I thrust the pillow over my head and tried to think about something else.

But it didn’t work, how could it, I knew who she was and what she looked like.

All went quiet. I dozed off.

Then bugger me if they didn’t start up again.

I went to the sofa and lay down there. It was as though a shadow had fallen over me. The anticipation I had felt when I had thought that something might happen with Irene collapsed like an old mineshaft and tumbled in on me.

I could not do it.

I was eighteen years old, I was a teacher, I had my own place and an enormous record collection for my age with almost exclusively good music. I was good-looking, I could occasionally pass for someone in a band with my coat, black jeans, white basketball trainers and black beret. But what good was that if I couldn’t do the only thing I really wanted to do?

At last they finished, for the second time, and like a child I fell asleep on the sofa, lost to the world.

I wrote all next day, started work listening with clenched fists to Led Zeppelin, then sat tapping away for four hours without a break. I returned to the style of the first short story, and this time I had the two boys smashing a shed window on the estate where they lived and stealing the porn mags. The writing went well, except that I couldn’t find an ending. One boy couldn’t go home to his enraged father, something else had to happen, but what?

In the evening I walked up to the school. I still suffered pangs of conscience at being there alone, it felt as if I was snooping, but I wasn’t, I thought, and dropped the big bunch of keys on the staffroom table with a clatter, opened the door to the small telephone cubicle and dialled mum’s number.

She answered at once.

‘How’s it going?’ I said.

‘Quite well,’ she said. ‘In fact I’d been thinking of writing to you this evening.’

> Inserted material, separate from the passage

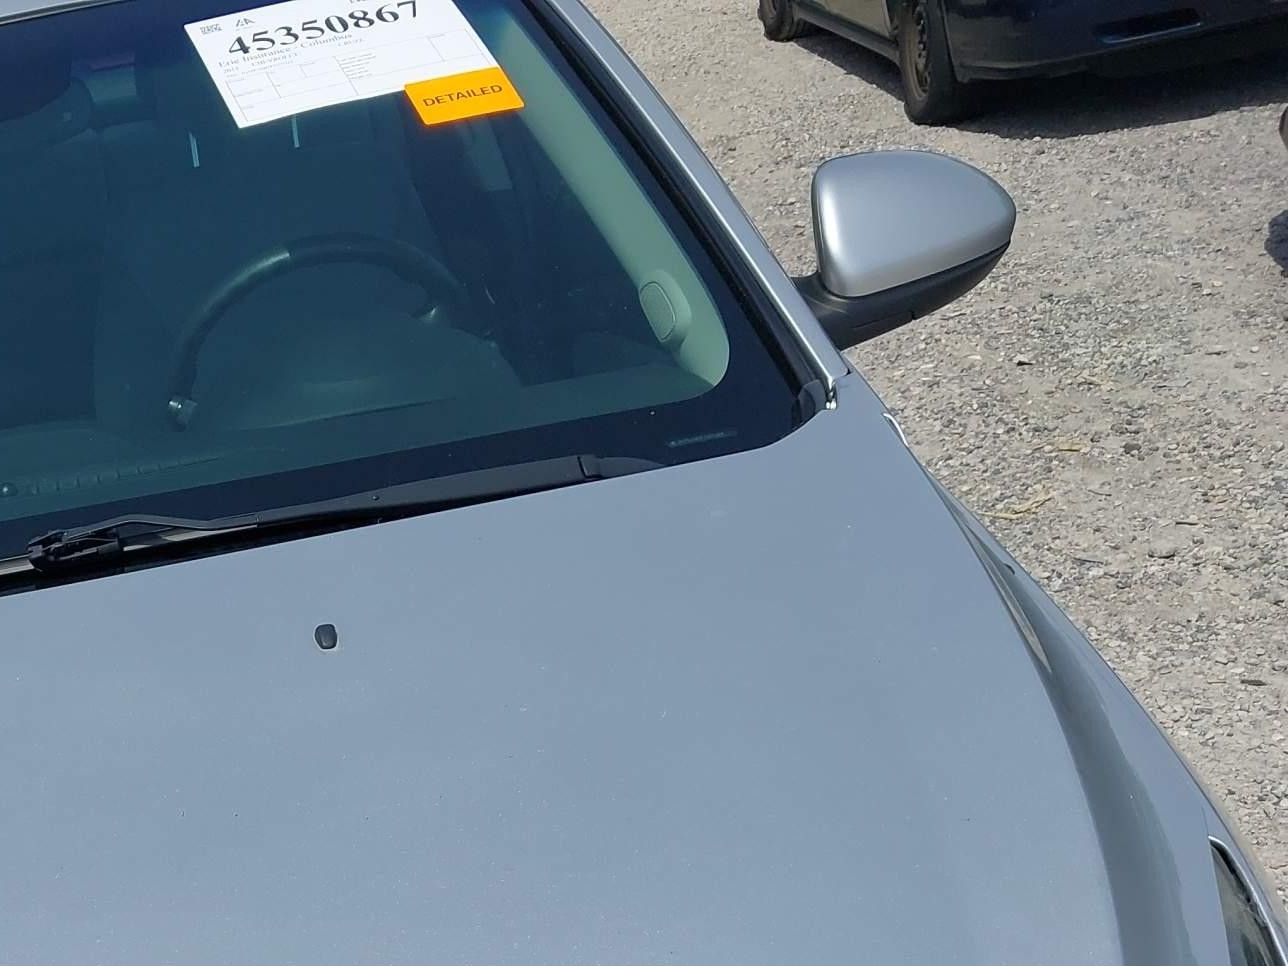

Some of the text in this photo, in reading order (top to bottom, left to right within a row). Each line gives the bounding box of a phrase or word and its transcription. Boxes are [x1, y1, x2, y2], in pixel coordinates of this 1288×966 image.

[229, 0, 417, 55] 45350867
[300, 33, 353, 49] Columbus
[423, 84, 503, 107] DETAILED

‘Did you get the short story?’

‘Yes. Thanks for that.’

‘What do you reckon then?’

‘I think it’s very good. I was surprised. Goodness me, I thought, this is literature!’

‘Is that true?’

‘Yes. You tell a story, there are two wonderful characters and the writing is so alive. It’s as though I’m there when I’m reading it.’

‘Was there anything you particularly liked?’

‘Erm, no, not really, no. I think everything’s very good.’

‘The ending?’

‘You mean the bit with the father?’

‘Yes.’

‘That’s what the story is about, isn’t it?’

‘It is, yes. As well.’

There was a silence.

‘What about Kjartan? Have you heard anything from him? Actually, I sent it to him too.’

‘No, I usually ring him on Sundays. I’ll talk to him afterwards.’

‘Say hello from me.’

‘I’ll do that. How are you?’

‘Fine. Yesterday I went to football training. Tomorrow I’m back in harness.’

‘Is it hard work?’

I blew out my cheeks.

‘No, in fact it’s quite easy. I honestly don’t understand why teachers have to go to college for three years. It might be different with big classes though. There are only five or six pupils in each class here.’

‘Are you absolutely sure?’

‘About what?’

‘That it’s so easy,’ she said.

I smiled. ‘Typical of you to be sceptical,’ I said. ‘But, no, of course there are problems too.’

‘Have you got to know anyone?’

‘Yes, some of the teachers. Especially one, Nils Erik. People up here are unbelievably open. They drop by and ring your doorbell all the time.’

‘Oh?’

‘Yes, all sorts of people. Even my pupils!’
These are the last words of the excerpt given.